Stored items:
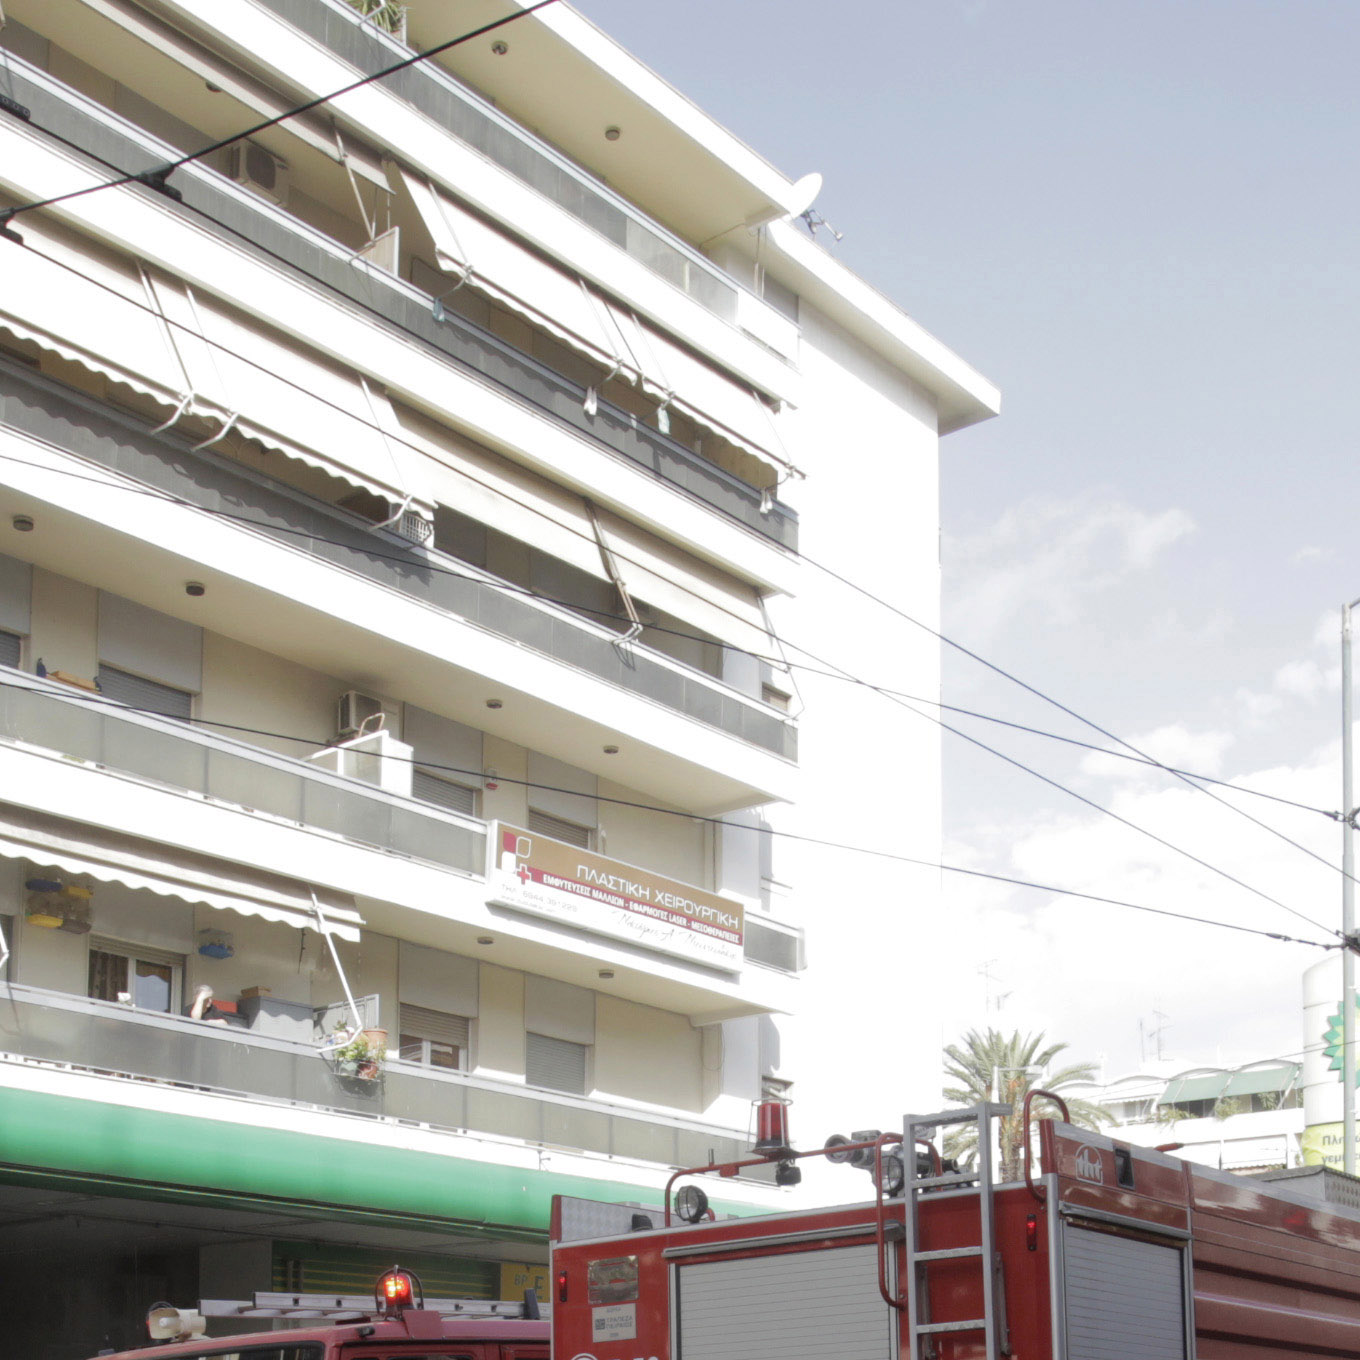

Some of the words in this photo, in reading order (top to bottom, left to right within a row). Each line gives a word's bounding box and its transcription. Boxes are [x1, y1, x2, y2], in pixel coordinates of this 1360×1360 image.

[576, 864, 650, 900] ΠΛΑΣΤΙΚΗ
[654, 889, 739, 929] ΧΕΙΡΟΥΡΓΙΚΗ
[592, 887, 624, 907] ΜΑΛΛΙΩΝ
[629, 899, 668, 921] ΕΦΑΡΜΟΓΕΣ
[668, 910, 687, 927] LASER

Task to carry out: Print every entry above again, exactly as written. Leave the images out.

Answer box:
Some of the words in this photo, in reading order (top to bottom, left to right within a row). Each line gives a word's bounding box and its transcription. Boxes are [x1, y1, x2, y2], in pixel coordinates of this 1360×1360 image.

[576, 864, 650, 900] ΠΛΑΣΤΙΚΗ
[654, 889, 739, 929] ΧΕΙΡΟΥΡΓΙΚΗ
[592, 887, 624, 907] ΜΑΛΛΙΩΝ
[629, 899, 668, 921] ΕΦΑΡΜΟΓΕΣ
[668, 910, 687, 927] LASER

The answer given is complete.